Jack Brownstein was more than just a teacher. He was a friend to many of his students at the University of St. Thomas.
Polar explorer Will Steger, of Ely, Minn., was one of them.
"He was an inspiration as a teacher and became a personal friend throughout my life," said Steger, who is known for his expeditions to the North Pole and Antarctica.
Brownstein, who was named professor of the year in 1998 and credited with starting many programs at the university, died Sunday of cancer at his home in St. Paul. He was 62.
Steger said he changed his major to geology because of Brownstein.
"I'm a person who loves the outdoors, so the way Jack taught it had a lot to do with it, especially with a man like this at the head of the department," he said.
Paul Lane, a physics professor and longtime friend, credited Brownstein with starting the Geology Department. "He was a force at the University of St. Thomas," he said. "He built up the program to be a success."
In his 38 years at the university, he taught more than 7,000 students, 135 of whom were geology majors.
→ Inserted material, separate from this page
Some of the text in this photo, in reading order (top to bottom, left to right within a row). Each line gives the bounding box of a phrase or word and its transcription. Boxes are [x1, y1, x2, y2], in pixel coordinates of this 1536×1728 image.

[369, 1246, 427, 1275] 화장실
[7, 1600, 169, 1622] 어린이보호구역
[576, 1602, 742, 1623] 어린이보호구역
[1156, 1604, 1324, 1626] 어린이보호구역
Of the 135, 60 percent went on to earn graduate degrees, and 70 percent work in geology.
Lane said Brownstein also started the Geography Department, the environmental studies program and the science and mathematics major for elementary education in 1992. The program emphasizes math and science for elementary teachers.
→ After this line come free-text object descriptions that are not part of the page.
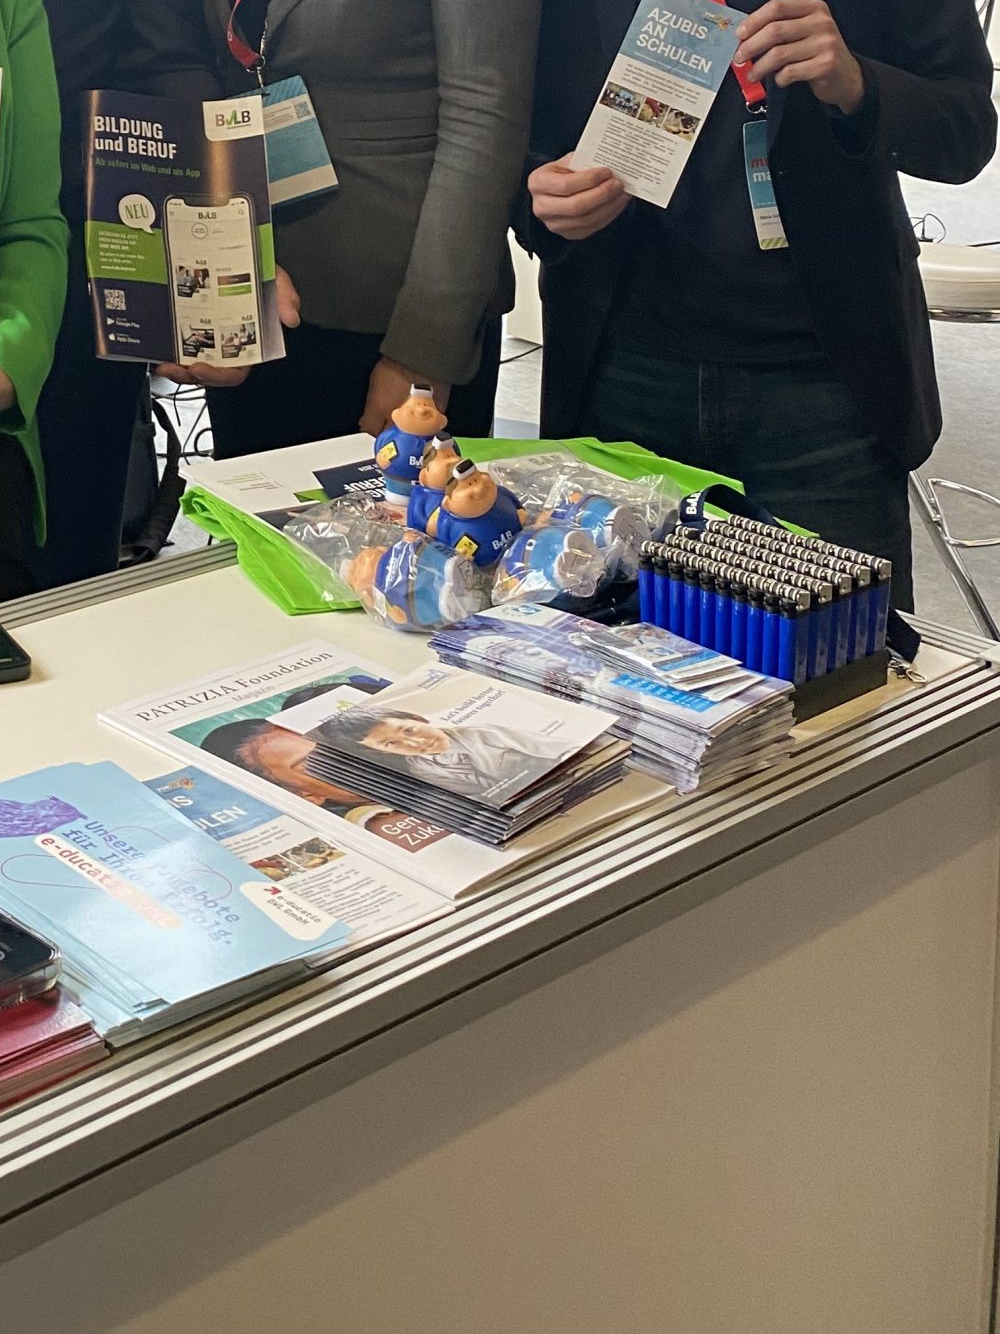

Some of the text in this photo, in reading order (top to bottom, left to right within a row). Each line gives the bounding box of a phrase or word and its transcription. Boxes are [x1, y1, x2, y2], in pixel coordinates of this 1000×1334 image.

[641, 21, 668, 39] AN
[648, 7, 708, 39] AZUBIS
[636, 34, 712, 74] SCHULEN
[94, 116, 163, 138] BILDUNG
[95, 137, 177, 159] und BERUF
[141, 162, 157, 173] Web
[185, 168, 200, 179] App
[125, 203, 149, 219] NEU
[137, 651, 333, 722] PATRIZIA Foundation
[232, 684, 277, 702] Magazin
[62, 828, 98, 851] für
[84, 820, 146, 861] Unsere
[277, 895, 322, 923] e-ducatio
John Kemper, a mathematics professor and longtime friend, said he got to know Brownstein through the elementary education program.
"There would be many nights he'd be here working with students from 10 to 11 at night," he said. "Whatever needed to be done, he'd be here doing it."
He said his friend knew just about everything there was to know about geology.
"You name it, if it had any aspect of geology, he not only knew it, he had taught it," Kemper said.
Brownstein didn't retire, and his last class was Sept. 20. He thought at first that he had the flu, Kemper said, but when it didn't go away, he had it checked out. It was cancer.
"He was a very private person," Kemper said. "He worked one-on-one with people, but he didn't go out making declarations about his accomplishments."
Paul Heger, a geophysical application support specialist for ARCO International in Dallas, said that he sent Brownstein e-mail a couple of times a day and that they talked once a week. Heger was a geology student who graduated in 1979.
He said he was from a small town, so when he got to the university, Brownstein "took me under his arm and made sure I got what I needed. He encouraged me to go to graduate school. His life was his students. That's what made him special. He was one of these guys who was very unassuming, but when it came right down to it, and it was important, things got done."
He is survived by his wife, Joan.
Services will be held at 5 p.m. Thursday at the Chapel of St. Thomas Aquinas, 2115 Summit Av., St. Paul.